Mixed connective tissue disease is a distinct syndrome with features of arthritis, lupus, poymyositis and scleroderma that can progress to lupus or scleroderma.
Mixed connective tissue disease (MCTD) is a connective tissue disorder first described in 1972 as a distinct rheumatic disease syndrome associated with a specific antibody to an extractable nuclear antigen (ENA). This early report was based on a group of patients with overlapping clinical features of systemic lupus erythematosus (SLE), scleroderma, and myositis with blood tests showing a distinct autoantibody. This autoantibody was later identified as an antibody to U1-ribonucleoprotein (RNP).
Today, MCTD is recognized as having features of Raynaud phenomenon, swollen hands, arthritis/arthralgia, acrosclerosis, esophageal dysmotility, polymyositis, sclerodactyly (scleroderma-like tissue hardening), pulmonary hypertension or interstitial lung disease, and high levels of anti-U1RNP antibodies as well as antibodies against U1-70kd small nuclear ribonucleoprotein (snRNP).
Females are 10 times more likely to develop mixed connective tissue disease than males. The typical onset occurs in people aged 15-25 years. In the United States, MCTD is seen in about 3-5 out of 100,000 persons, and it’s more prevalent than dermatomyositis and less prevalent than SLE. Internationally, MCTD has a reported prevalence of 2.7 cases per 100,000 population.
At the time of diagnosis 74 percent of patients show signs of Raynaud phenomenon and 66 percent of patients exhibit symptoms of arthralgia and arthritis. Over time, nearly all patients show signs of Raynaud phenomenon and arthritis, and eventually about 66 percent of patients develop esophageal hypomotility, swollen hands, and pulmonary (respiratory) dysfunction.
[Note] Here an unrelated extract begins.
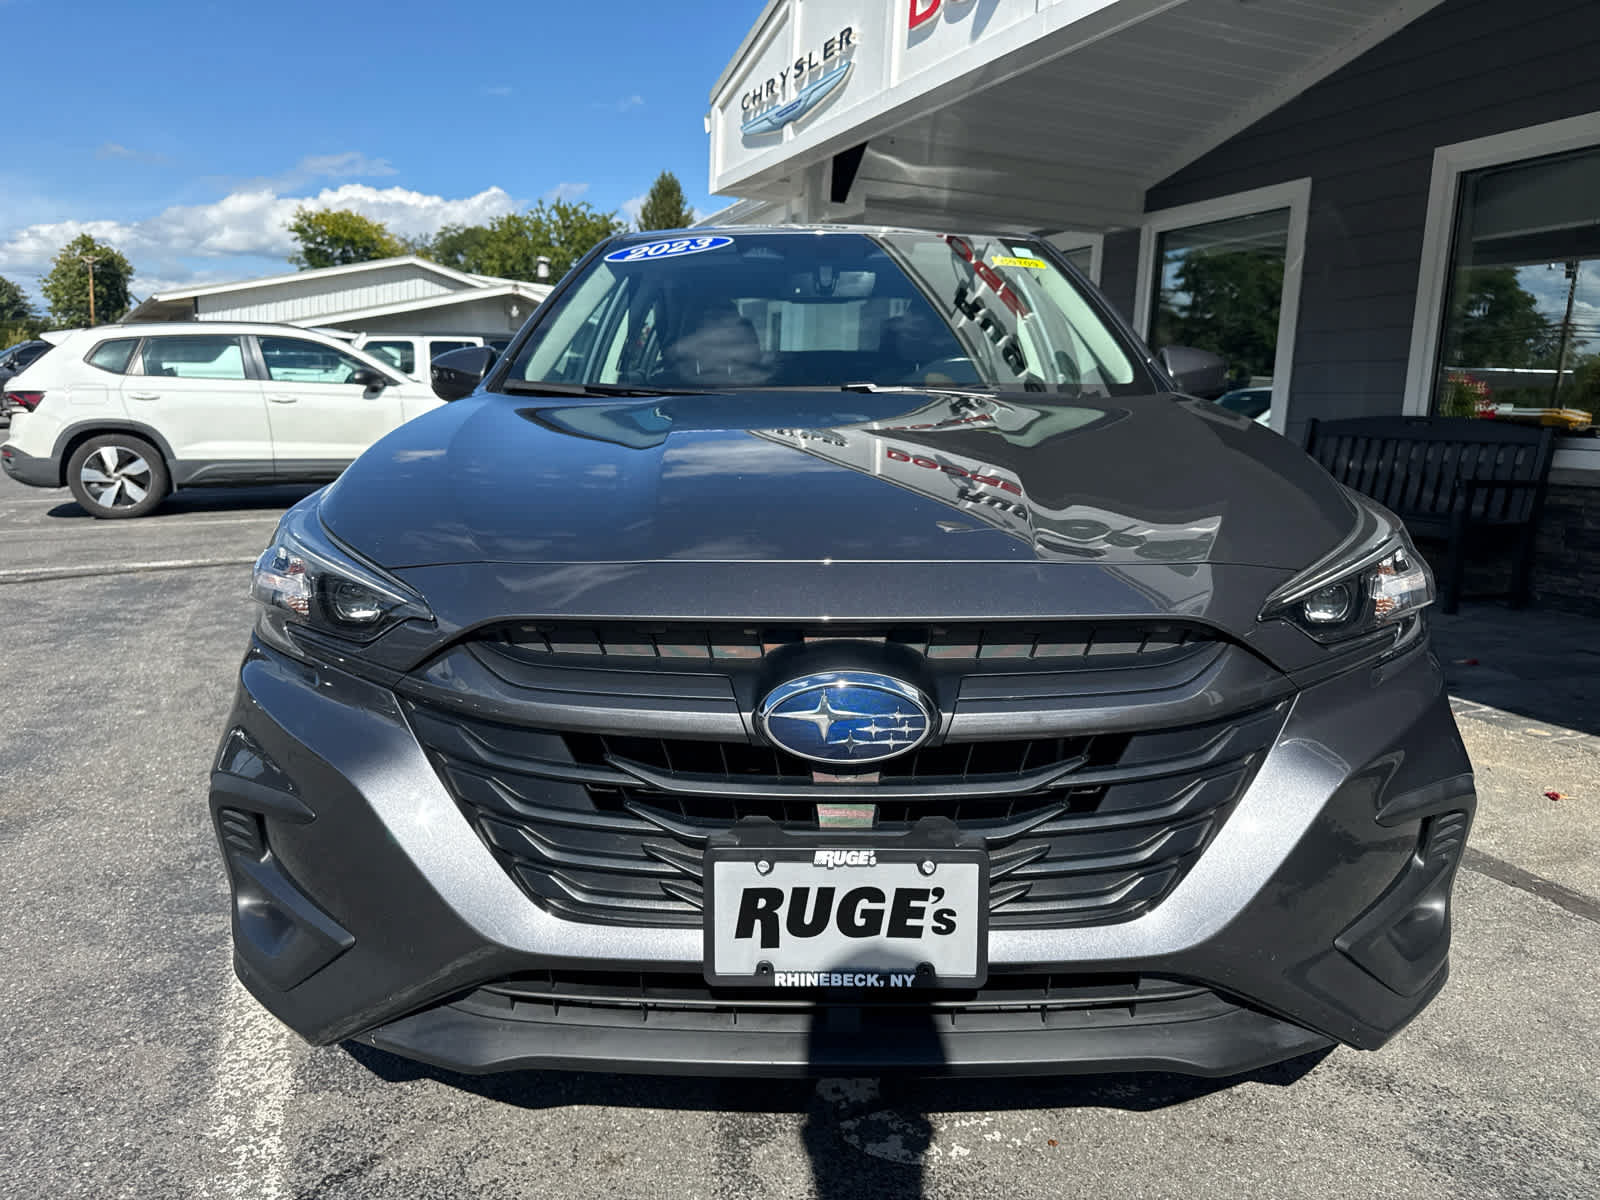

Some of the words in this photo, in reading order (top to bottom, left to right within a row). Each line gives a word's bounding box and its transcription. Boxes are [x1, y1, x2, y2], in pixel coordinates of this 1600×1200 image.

Other signs and symptoms seen in MCTD include myositis (muscle inflammation), leukopenia (low white blood cell count), sclerodactyly, pleuritis/pericarditis (inflammation of tissue surrounding the lungs and heart), and rash. Complications include fever, which occurs as a sign of infection, vasculitis, pancreatitis, appendicitis, bowel perforations, trigeminal neuralgia, respiratory distress syndrome, stroke, and secondary Sjogren’s syndrome.
Although some researchers recognize MCTD as a subset or early stage of SLE, most researchers consider MCTD a distinct clinical entity with infrequent renal complications. While the prognosis in MCTD is generally good, patients who develop pulmonary hypertension are more likely to have an unfavorable disease course. Overall, about 25 percent of patients with MCTD eventually progress to SLE, and about 33 percent progress to systemic sclerosis. Pulmonary hypertension is the most common cause of death in MCTD, followed by scleroderma renal crisis, heart failure and infections.
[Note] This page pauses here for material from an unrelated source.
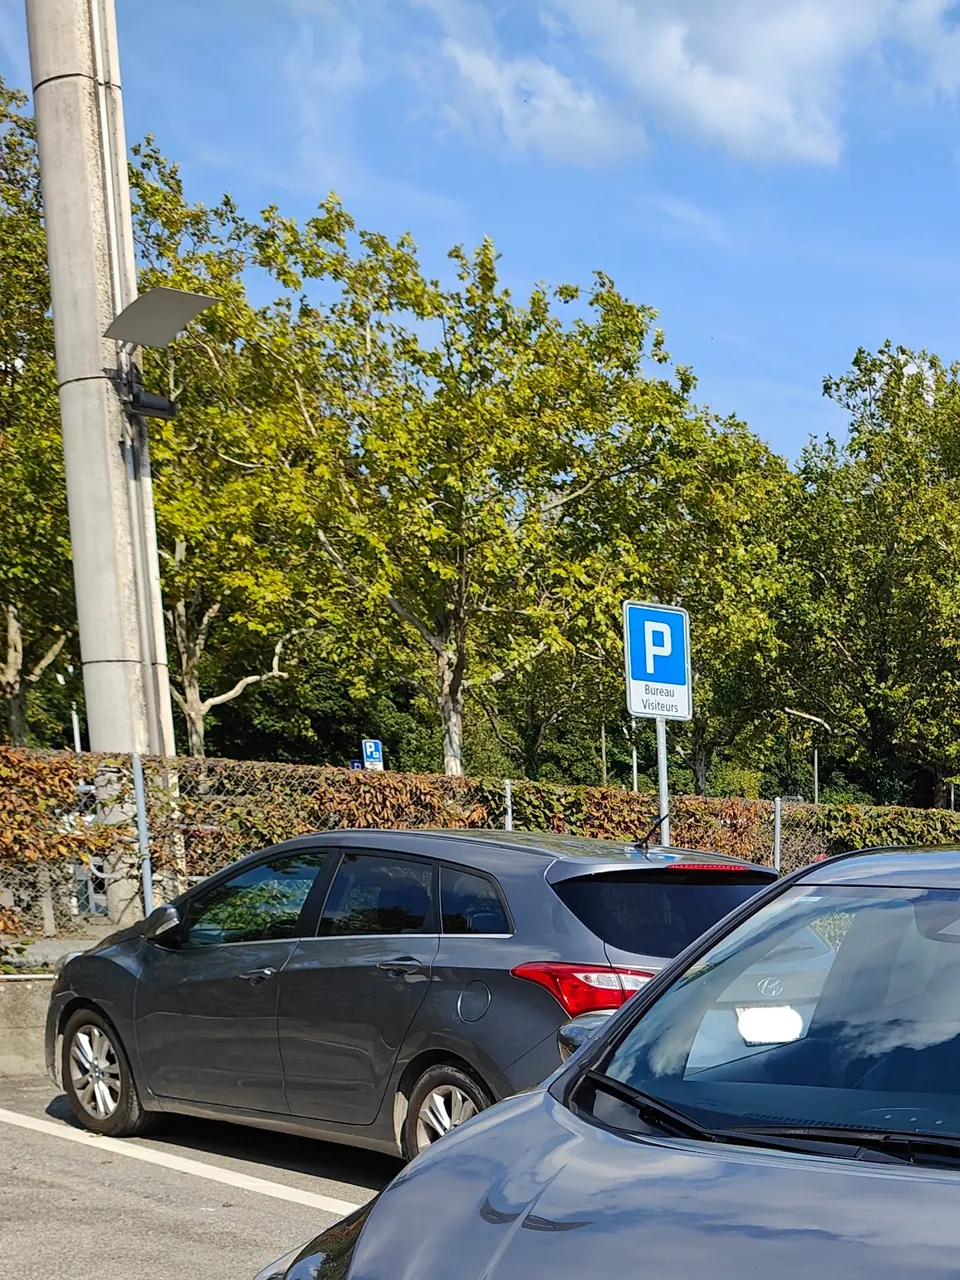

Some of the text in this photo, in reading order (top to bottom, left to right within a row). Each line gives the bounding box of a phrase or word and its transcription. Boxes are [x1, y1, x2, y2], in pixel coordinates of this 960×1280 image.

MCTD is diagnosed in patients with symptoms of arthritis, scleroderma, and Raynaud with high titers of anti-nuclear antibodies with a speckled pattern and high titers of anti-RNP and anti-U1-70kd antibodies. Patients may also have rheumatoid factor, Scl-70 antibodies, and antiphospholipid antibodies. Current diagnostic criteria include 3 of the 5 following clinical features: edema of hands, swollen joints (synovitis), myositis, Raynaud phenomenon and acrosclerosis (sausage-like fingers typically seen in systemic sclerosis).
The type of treatment used depends on the predominant signs and symptoms and the clinical disease severity. Nonsteroidal anti-inflammatory drugs (NSAIDs) are used to reduce pain and inflammation, which improves mobility and function. Hydroxychlorquine (Plaquenil) is frequently used along with NSAIDs in patients with arthritis.
Patients with more severe disease are often treated with low-dose corticosteroids, endothelin receptor antagonists, cyclophosphamide, or methotrexate or with cyclooxygenase-2 inhibitors. Patients with secondary pulmonary hypertension are usually treated with prostaglandins such as eposprostenol (Flolan). Patients who show a good response to corticosteroid or NSAID treatment usually have a favorable prognosis.
Hoffman, Robert, Mixed Connective-Tissue Disease, Emedicine, Nov 2006, accessed Feb 10, 2007.
Venables PJ, Mixed connective tissue disease, Lupus, 2006; 15(3): 132-137.
Zdrojewica A, Budzyn-Koziol E, Mixed connective tissue diseases—etiology, pathogenesis, clinical significance, treatment, Posthepy Hig Med Dosw, 1999; 53(5): 751-766.